▸ DIRECTIONS FOR THIS TASK
Once you reach the line containing "Some of the text", copy it and every line after it exactly, through the end of the data below.

▸ Dataset excerpts
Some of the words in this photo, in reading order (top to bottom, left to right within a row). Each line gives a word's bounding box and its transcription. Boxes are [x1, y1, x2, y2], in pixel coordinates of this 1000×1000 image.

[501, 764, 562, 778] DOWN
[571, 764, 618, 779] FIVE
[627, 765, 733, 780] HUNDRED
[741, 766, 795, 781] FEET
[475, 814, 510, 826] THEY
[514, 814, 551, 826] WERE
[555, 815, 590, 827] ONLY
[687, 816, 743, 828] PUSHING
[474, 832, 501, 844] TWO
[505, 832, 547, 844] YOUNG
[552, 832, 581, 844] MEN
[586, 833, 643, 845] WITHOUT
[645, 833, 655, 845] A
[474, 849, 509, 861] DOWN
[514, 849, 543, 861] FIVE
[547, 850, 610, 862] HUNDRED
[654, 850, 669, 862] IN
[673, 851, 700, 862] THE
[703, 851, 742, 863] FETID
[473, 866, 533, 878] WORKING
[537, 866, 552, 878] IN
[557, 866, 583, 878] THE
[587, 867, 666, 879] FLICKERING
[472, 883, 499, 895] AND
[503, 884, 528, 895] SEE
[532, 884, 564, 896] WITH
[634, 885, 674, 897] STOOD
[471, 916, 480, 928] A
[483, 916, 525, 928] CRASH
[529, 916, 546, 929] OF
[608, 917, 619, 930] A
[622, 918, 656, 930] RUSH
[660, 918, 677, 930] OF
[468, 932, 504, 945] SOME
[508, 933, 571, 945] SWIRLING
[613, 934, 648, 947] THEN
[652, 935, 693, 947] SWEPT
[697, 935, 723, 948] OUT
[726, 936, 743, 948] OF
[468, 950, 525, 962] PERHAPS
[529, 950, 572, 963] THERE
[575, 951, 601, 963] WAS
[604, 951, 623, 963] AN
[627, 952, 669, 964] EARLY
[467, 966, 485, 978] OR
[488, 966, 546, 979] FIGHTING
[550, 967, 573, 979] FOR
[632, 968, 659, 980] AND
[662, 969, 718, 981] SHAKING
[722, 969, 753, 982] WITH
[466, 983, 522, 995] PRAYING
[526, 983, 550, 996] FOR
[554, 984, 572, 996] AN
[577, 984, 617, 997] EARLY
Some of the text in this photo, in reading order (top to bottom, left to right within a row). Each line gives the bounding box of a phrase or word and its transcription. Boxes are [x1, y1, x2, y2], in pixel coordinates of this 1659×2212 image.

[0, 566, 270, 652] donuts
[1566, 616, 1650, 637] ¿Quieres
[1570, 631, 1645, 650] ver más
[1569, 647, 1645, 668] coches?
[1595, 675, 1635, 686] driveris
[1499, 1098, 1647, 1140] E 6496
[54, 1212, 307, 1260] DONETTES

▸ OUTPUT BELOW
Some of the text in this photo, in reading order (top to bottom, left to right within a row). Each line gives the bounding box of a phrase or word and its transcription. Boxes are [x1, y1, x2, y2], in pixel coordinates of this 1659×2212 image.

[0, 566, 270, 652] donuts
[1566, 616, 1650, 637] ¿Quieres
[1570, 631, 1645, 650] ver más
[1569, 647, 1645, 668] coches?
[1595, 675, 1635, 686] driveris
[1499, 1098, 1647, 1140] E 6496
[54, 1212, 307, 1260] DONETTES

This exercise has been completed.